Since the the Taliban came to power in Afghanistan, religious minorities, including the Sikh community, have been reportedly targeted in large numbers…reports Sanketh Pathak

Sikhs continue to move into India as attacks on minority communities reportedly increased in Afghanistan since the Taliban came to power in 2021.

On August 3, a group of 30 Sikhs from Afghanistan arrived India.

Several Sikh families who arrived from Afghanistan since 2021 have been accommodated in Guru Arjun Dev Gurdwara in Delhi’s Tilak Nagar, and are being assisted by the Shiromani Gurdwara Parbandhak Committee (SGPC). Many of them were brought from Kabul to Delhi in private planes of Afghanistan’s Kam Airlines.

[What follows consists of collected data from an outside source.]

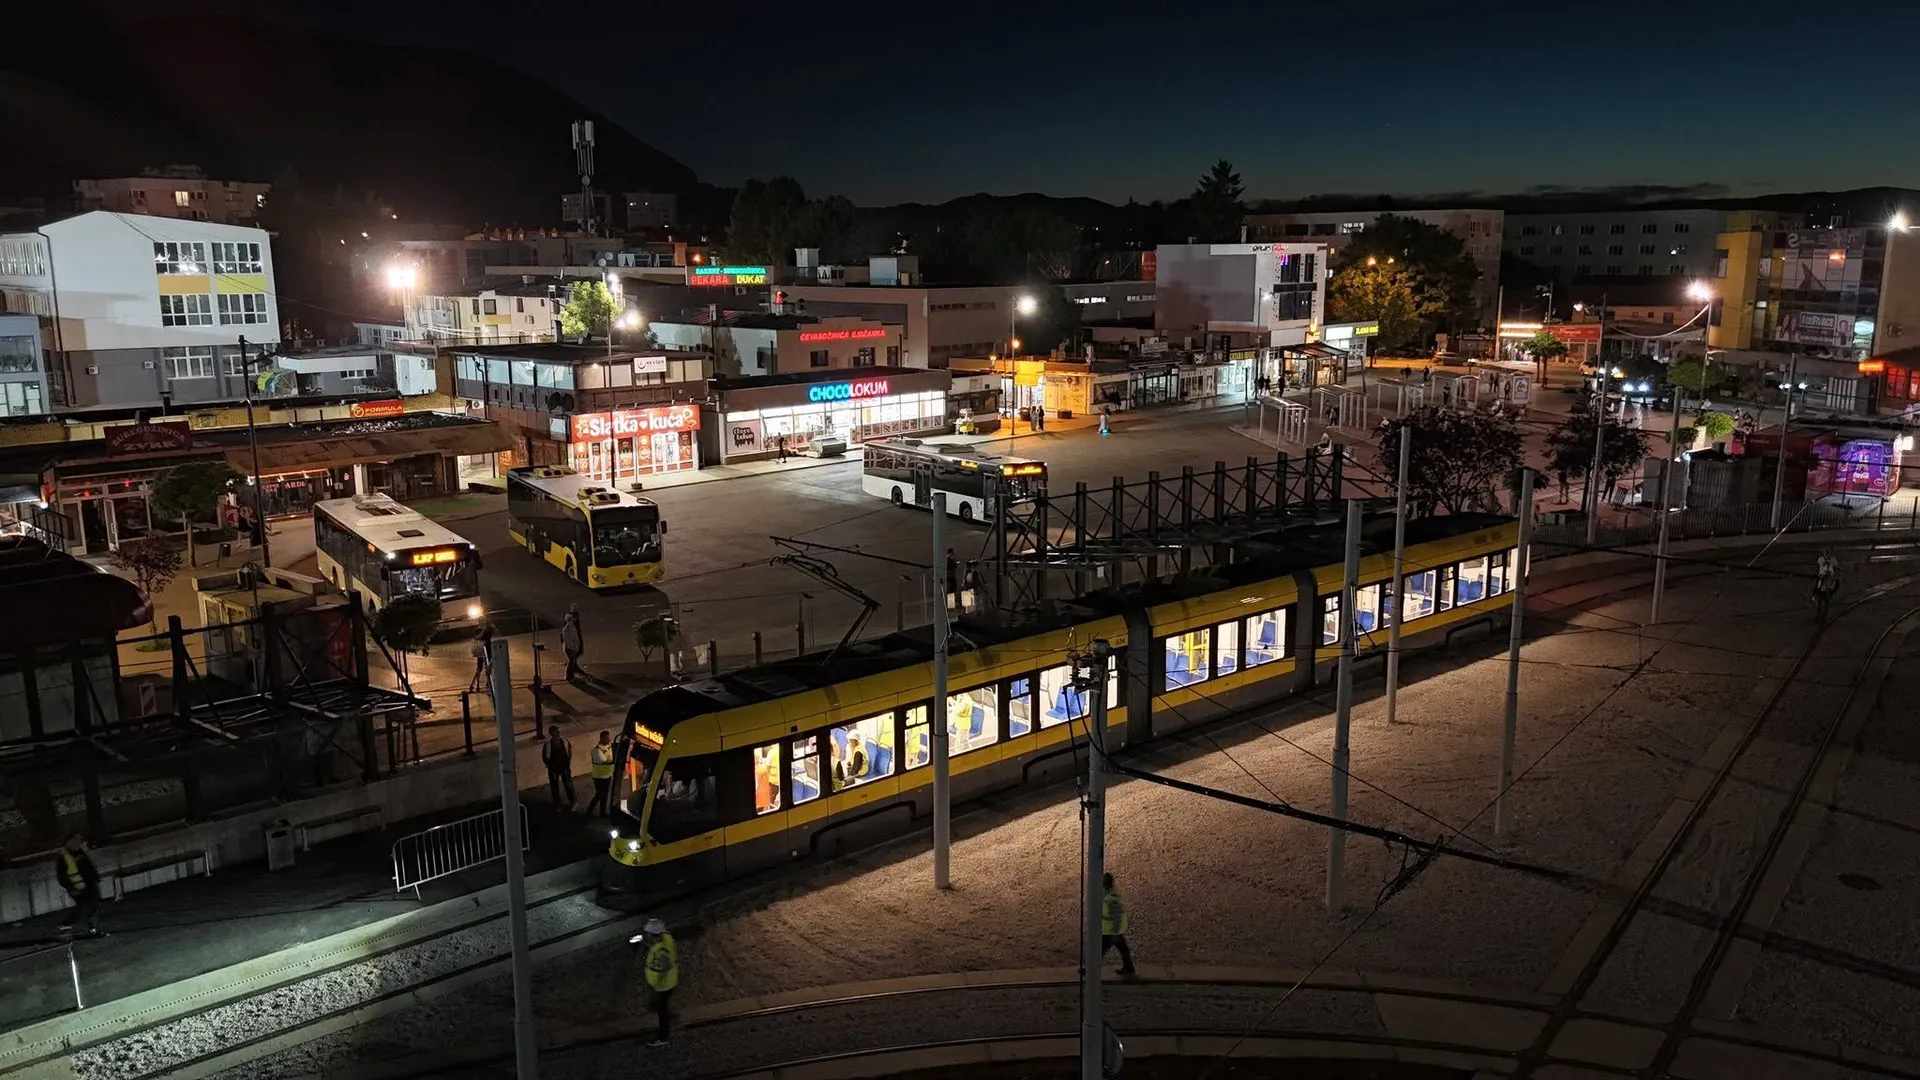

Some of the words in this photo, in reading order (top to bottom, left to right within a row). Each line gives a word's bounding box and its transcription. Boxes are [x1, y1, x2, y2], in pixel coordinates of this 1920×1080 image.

[691, 275, 728, 285] PEKARA
[736, 275, 765, 284] DUKAT
[809, 381, 888, 401] CHOCOLOKUM
[588, 415, 639, 437] Slatka
[649, 408, 685, 430] kuća
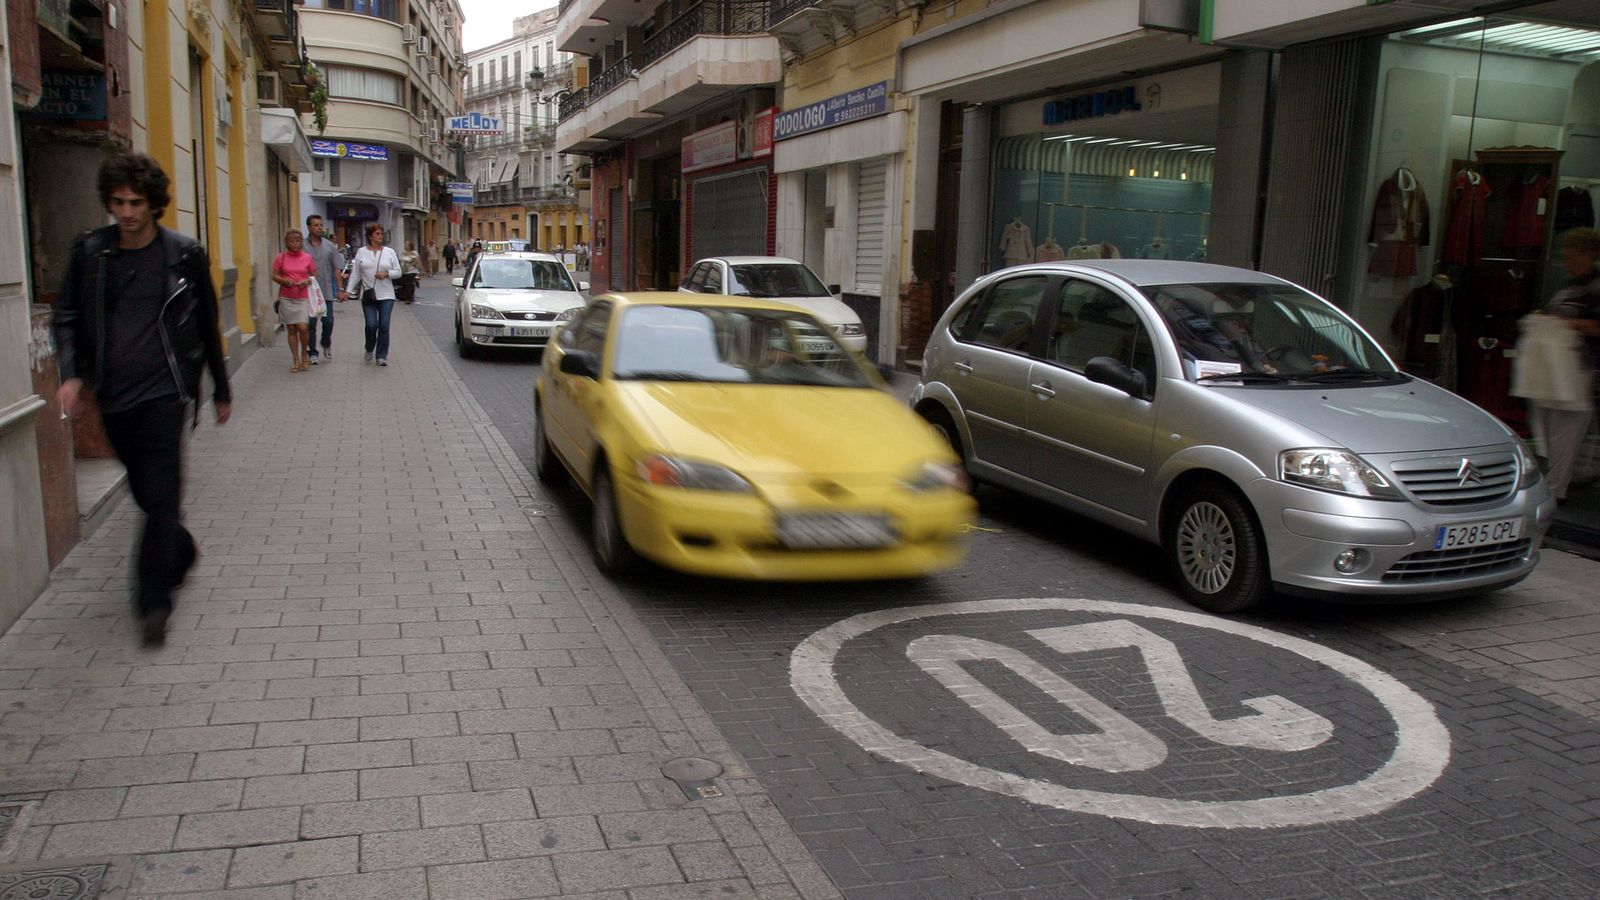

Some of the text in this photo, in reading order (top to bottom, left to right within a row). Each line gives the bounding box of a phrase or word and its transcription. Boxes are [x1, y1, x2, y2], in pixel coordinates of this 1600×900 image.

[42, 73, 97, 87] ARNET
[451, 112, 499, 129] MELDY
[774, 103, 826, 138] PODOLOGO
[1447, 520, 1516, 546] 5285 CPL
[906, 618, 1335, 773] 20
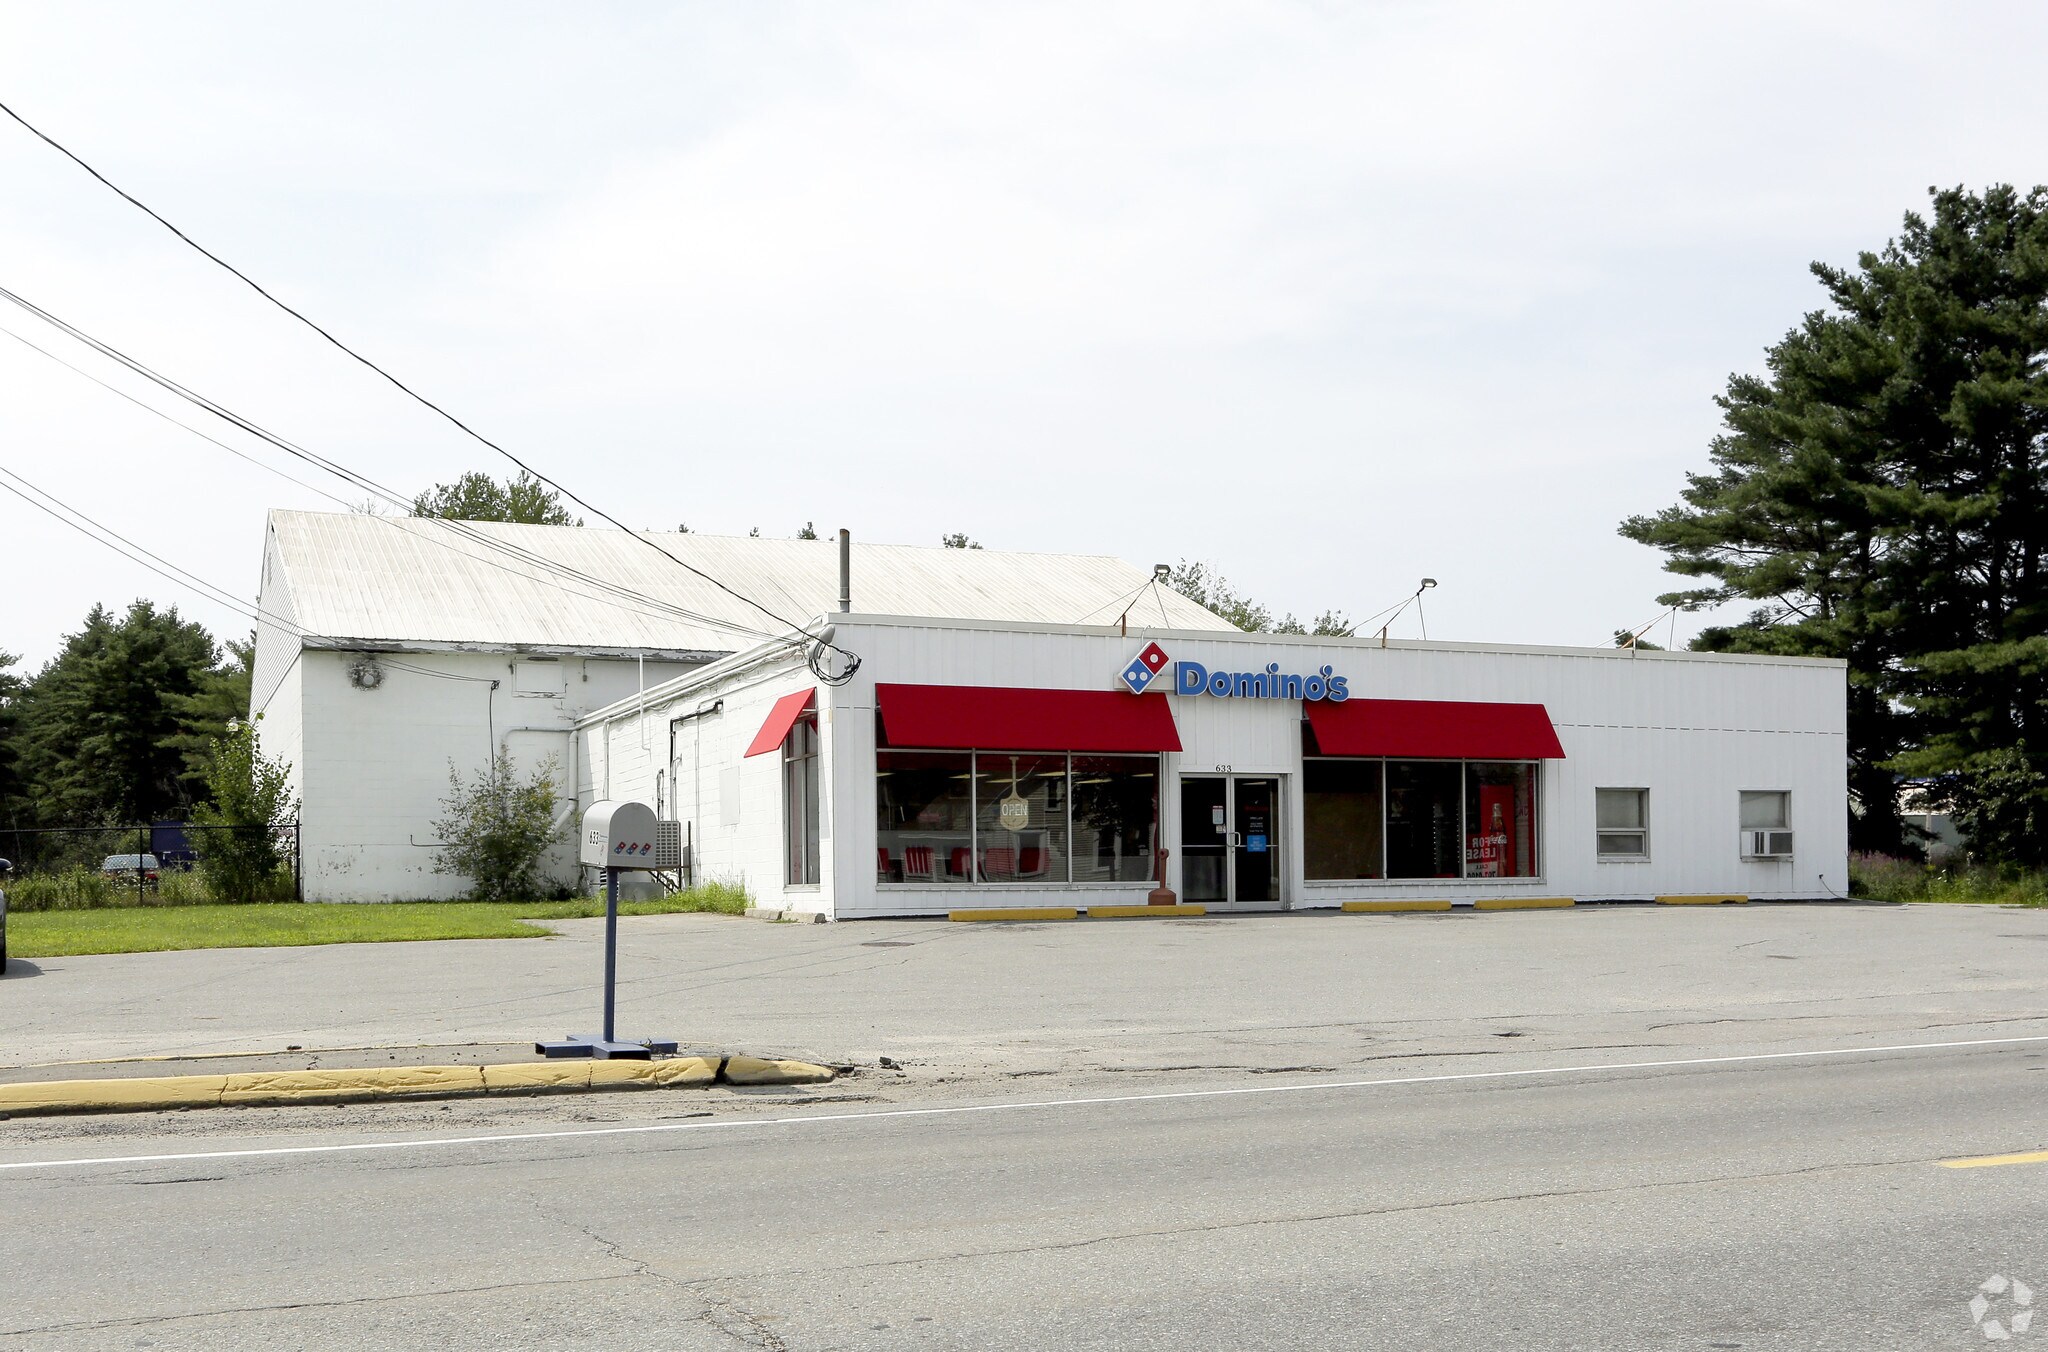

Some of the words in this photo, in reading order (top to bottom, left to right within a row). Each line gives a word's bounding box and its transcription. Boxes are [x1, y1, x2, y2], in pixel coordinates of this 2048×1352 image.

[1174, 661, 1350, 701] Domino's
[1215, 764, 1232, 773] 633
[1001, 803, 1028, 816] OPEN
[589, 830, 600, 845] 633

At present, arrangements have been made for everyone to stay by the Gurdwara committee. Most of them are Sikhs, who have been living in Afghanistan for many generations and have arrived to India leaving everything behind for the first time.

IANS visited the Gurdwara here and met some Sikh refugees to know how they left their homes, businesses and arrived to India to save their lives.

Dodged the Taliban by pretending to treat the child

Taran Singh, who is 32-year-old, lived with his family in Jalalabad area of Afghanistan since childhood. Taran used to run a medicine shop. When the Gurudwara in Kabul was attacked and many Sikhs were killed, he also started worrying about his family. Talking to IANS, Taran Singh said that the Taliban were not allowing him to go to India.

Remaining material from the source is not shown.